Kaës—trained in design yet ever defiant of its functional constraints—positioned herself at “the crossroads of design, decorative arts, and installations, where forms dialogue with symbols, forgotten tales, and ritual gestures.” Her materials—glass, metal, textiles, precious stones—are never mere carriers; they are emissaries of poetics, “vectors of a symbolic, archaic, and often sacred language.” In AURARIUM, each object is a hieroglyph, each surface a quiet invocation.
The Dispensaire Jean V, once conceived between 1903 and 1906 to cradle those in physical fragility, is reimagined as a secular reliquary. The light‑strewn central hall—its symmetry and openness a formal echo of care—is transformed into a luminous pulse, a heart around which chambers coil like intimate shrines. Kaës doesn’t restore history; she activates its breath. The exhibition rooms unfurl “like secular chapels or intimate tableaux,” each room an alchemical blend of antiques from Musée Dobrée and Kaës’s own creations that float in an uncanny suspension between dream and ritual.

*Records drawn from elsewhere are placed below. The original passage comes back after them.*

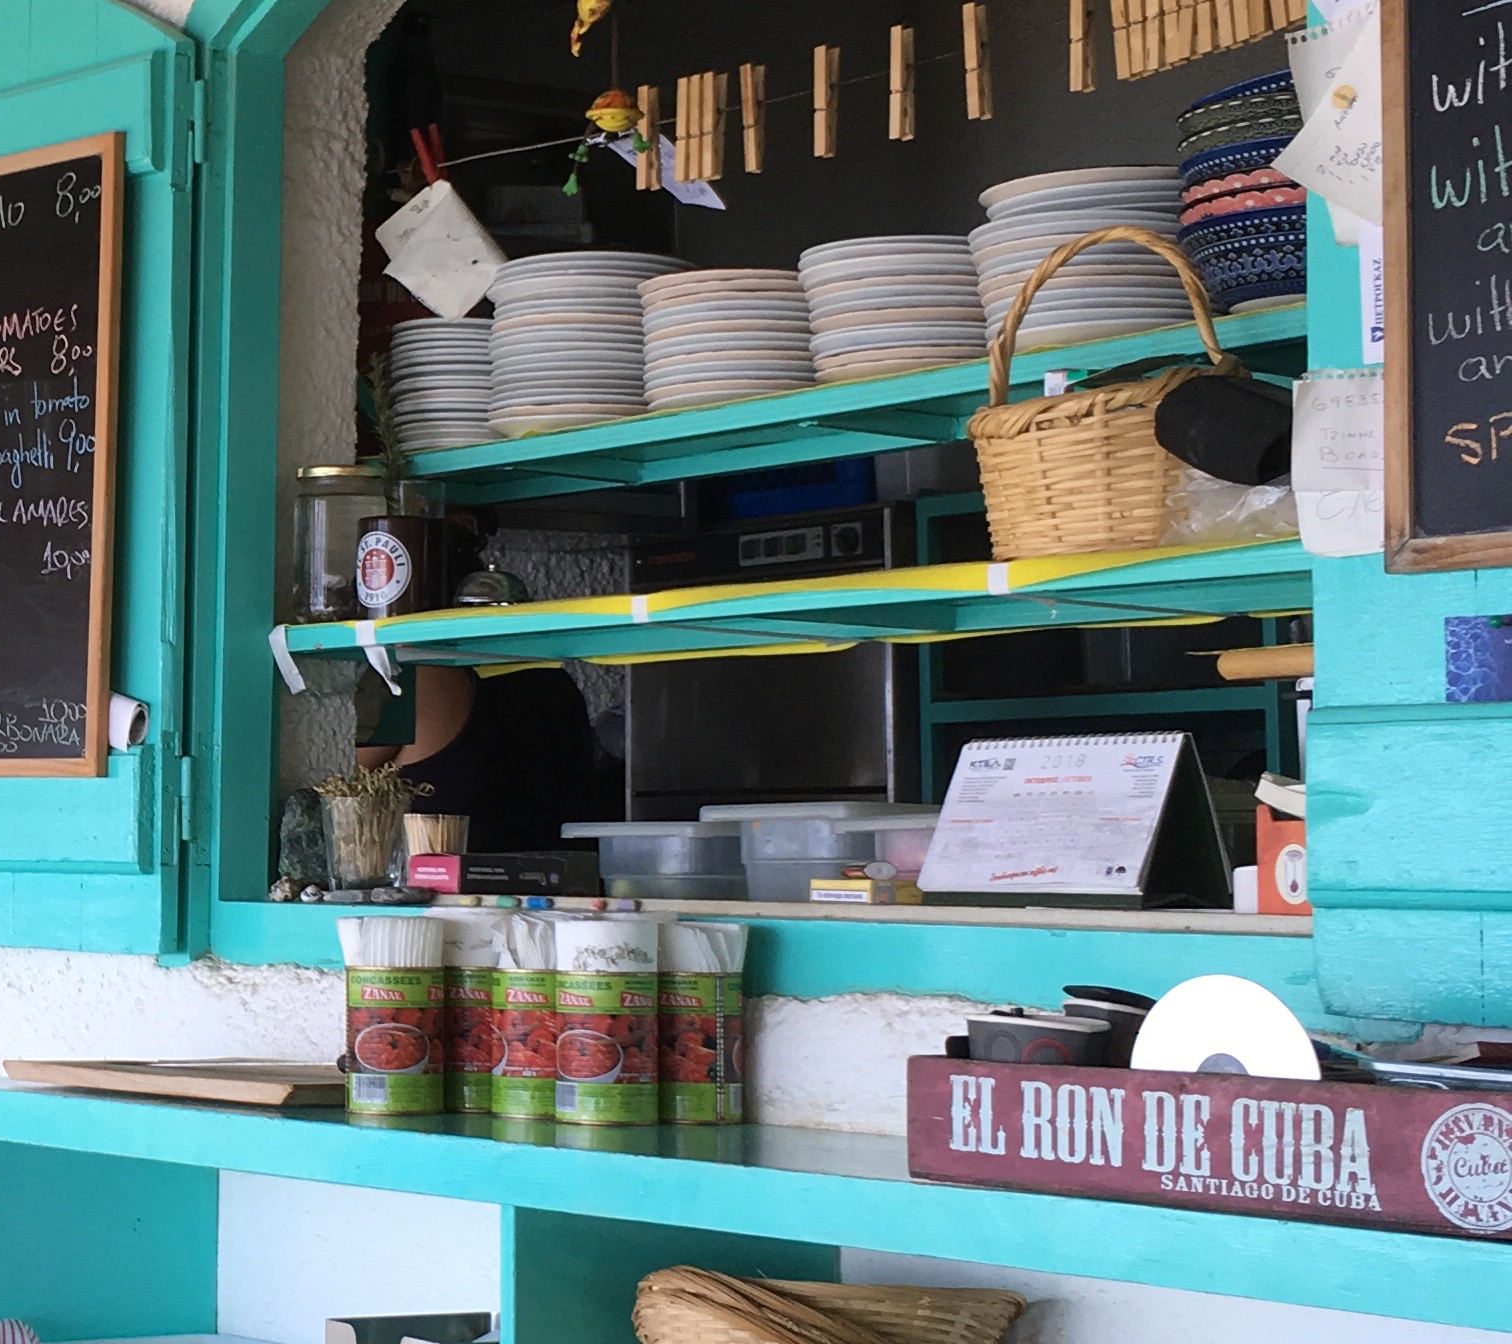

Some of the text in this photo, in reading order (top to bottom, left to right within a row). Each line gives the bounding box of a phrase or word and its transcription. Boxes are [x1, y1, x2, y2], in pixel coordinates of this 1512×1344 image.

[4, 408, 22, 427] in
[30, 376, 90, 419] tomato
[350, 974, 422, 987] CONCASSEES
[949, 1073, 1006, 1156] EL
[1019, 1079, 1126, 1168] RON
[1141, 1090, 1213, 1177] DE
[1230, 1097, 1376, 1196] CUBA
[1160, 1173, 1383, 1213] SANTIAGO DE CUBA

Textures do strange things here—they expand and hollow, mediate illumination, fragment histories. Motifs plucked from Nantes’s medieval grotesques, friezes, and bestiaries are reinterpreted until they become something spectral: “floating, almost mystical signs.” It’s as if Kaës is not so much reconstructing the dispensary’s past as pinpointing the memory lodged in its walls, waiting to glow again.
What interests me is how AURARIUM resists clear articulation. Kaës asks: How can we materialize the invisible? Her answer comes not in literal symbolism but through gestures that feel remembered rather than explained. The viewer doesn’t witness so much as wander: enveloped by an atmosphere of care, uncanny resonance, and absence. The objects don’t tell us how to mourn—they allow mourning’s silhouettes to settle.
Consider the tableau with repurposed light fixtures—a constellation alive in that central chamber. Light fractures across glass, textile, metal, surfacing as a kind of inner anatomy of the dispensary. The building becomes itself an actor in this rite; its corridors and chambers pulse with “benevolent and sacred, mysterious ghosts who heal.”
This is where Kaës’s art gains its moral weight: she doesn’t aestheticize suffering, nor does she sentimentalize memory. Instead, she summons a presence—a whisper, a trace—inscribed in silent material forms. The clinic’s history—of isolation, convalescence, philanthropic ambition by Thomas Dobrée—is not erased but intoned, as though memory and matter conspire in a shared breath.
Each antique, each new object, each architectural nuance resists easy narrative but hums with a latent, almost pre‑linguistic knowledge.